I don’t tweet. If you have been reading this blog for any length of time, you know why. I have a hard enough time constraining my writing to a few hundred words, much less 140 characters. Nevertheless, it is interesting to see how scientists use Twitter to communicate what they are doing. For example, I recently wrote about a particle physicist who used Twitter to explain to people what was happening in the Fukushima nuclear power plant disaster. He became a bit of a celebrity as a result and has used that platform to do some serious science related to the level of radioactive contamination in Japan’s food supply.
Why in the world am I discussing a social media tool that I don’t even use? Because a reader posted a link on my Facebook page. It contains a series of tweets posted with the hashtag #overlyhonestmethods, which was started by a scientist known as “dr. leigh.” The hashtag has become a bit of a phenomenon.
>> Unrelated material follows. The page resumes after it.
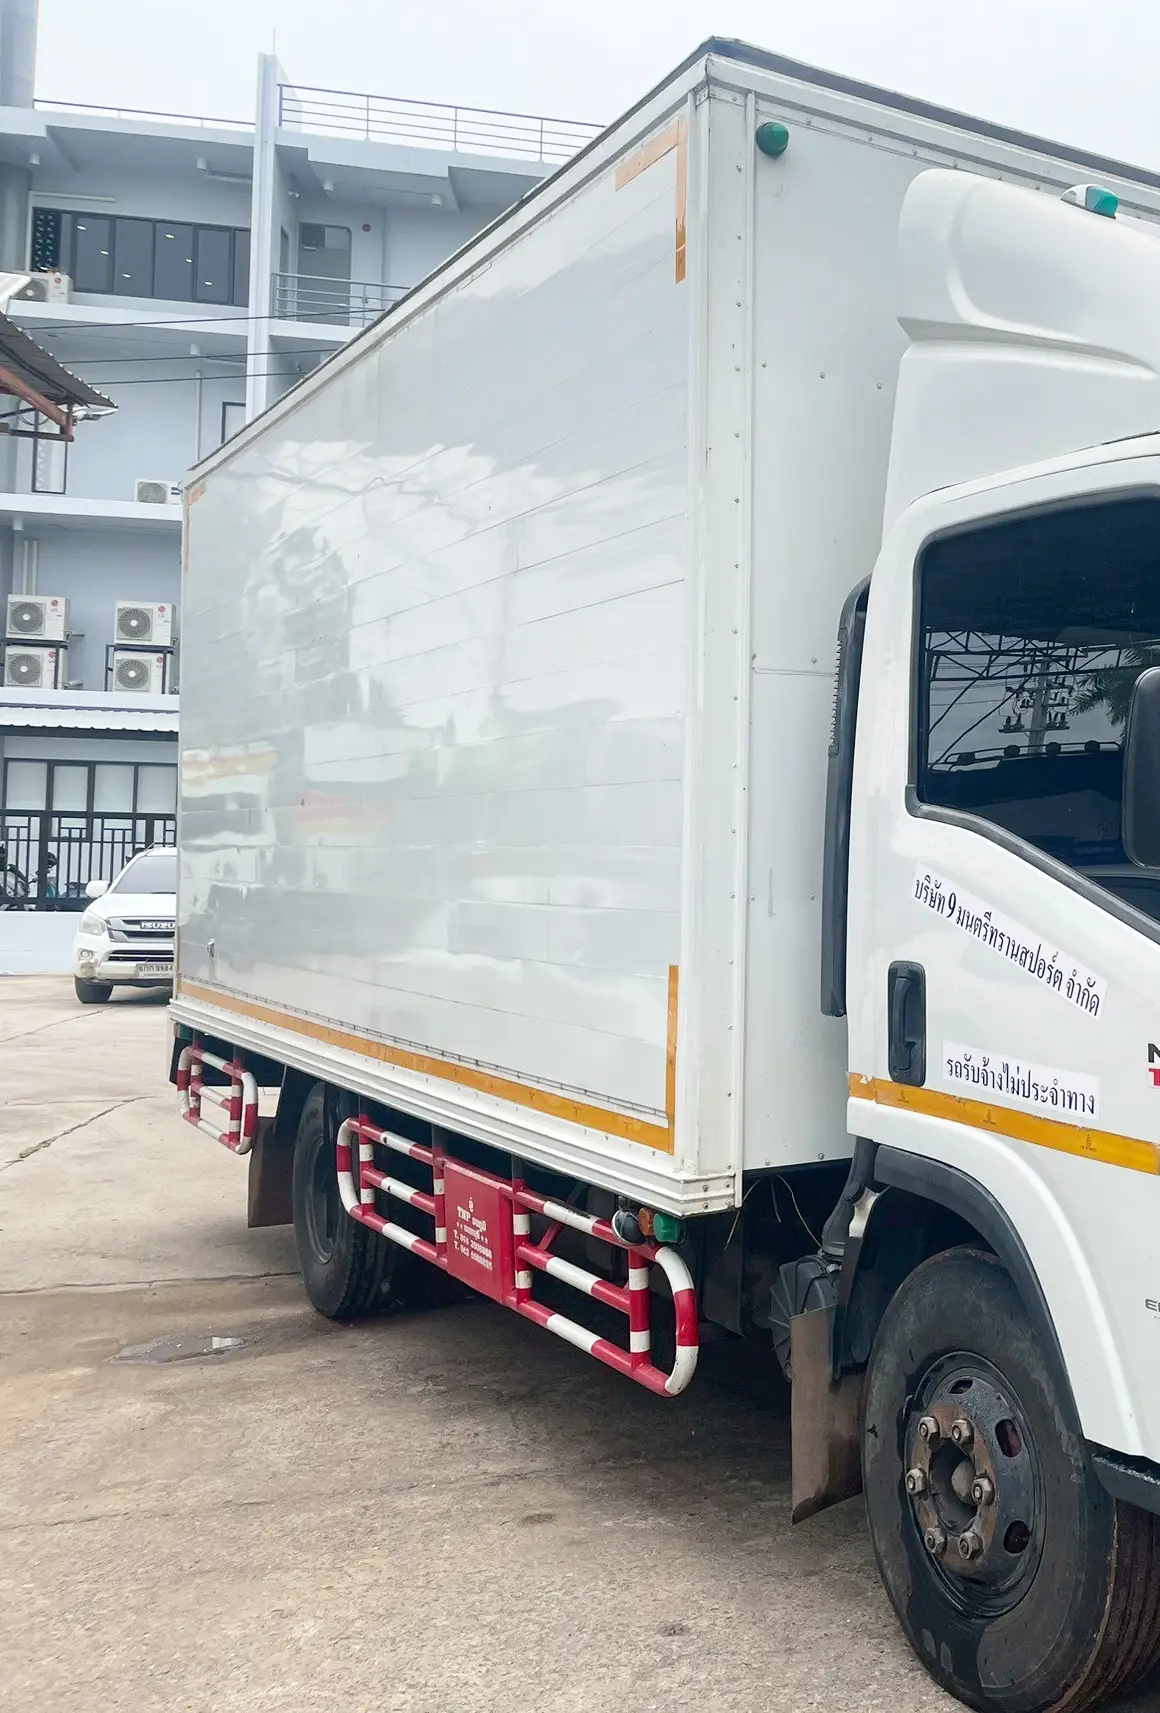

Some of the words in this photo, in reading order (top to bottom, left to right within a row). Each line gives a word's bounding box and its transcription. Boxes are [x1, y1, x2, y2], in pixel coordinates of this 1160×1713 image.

Essentially, scientists use it to explain the real reasons behind some of their methods.
The picture at the top of the post is a classic example of a tweet that contains the hashtag. I immediately related to it, because as a nuclear chemist, I have built a lot of systems that blew up or failed in some other spectacular way. However, when I finally got a version of the system to work, I would refer to it as “representative.” That’s just the way it is done.
If you have some time, scroll through a few of the tweets. Some of the language can be a bit foul, but the tweets give you a brief glimpse into the real world of scientific research. You might be a bit surprised at what you read!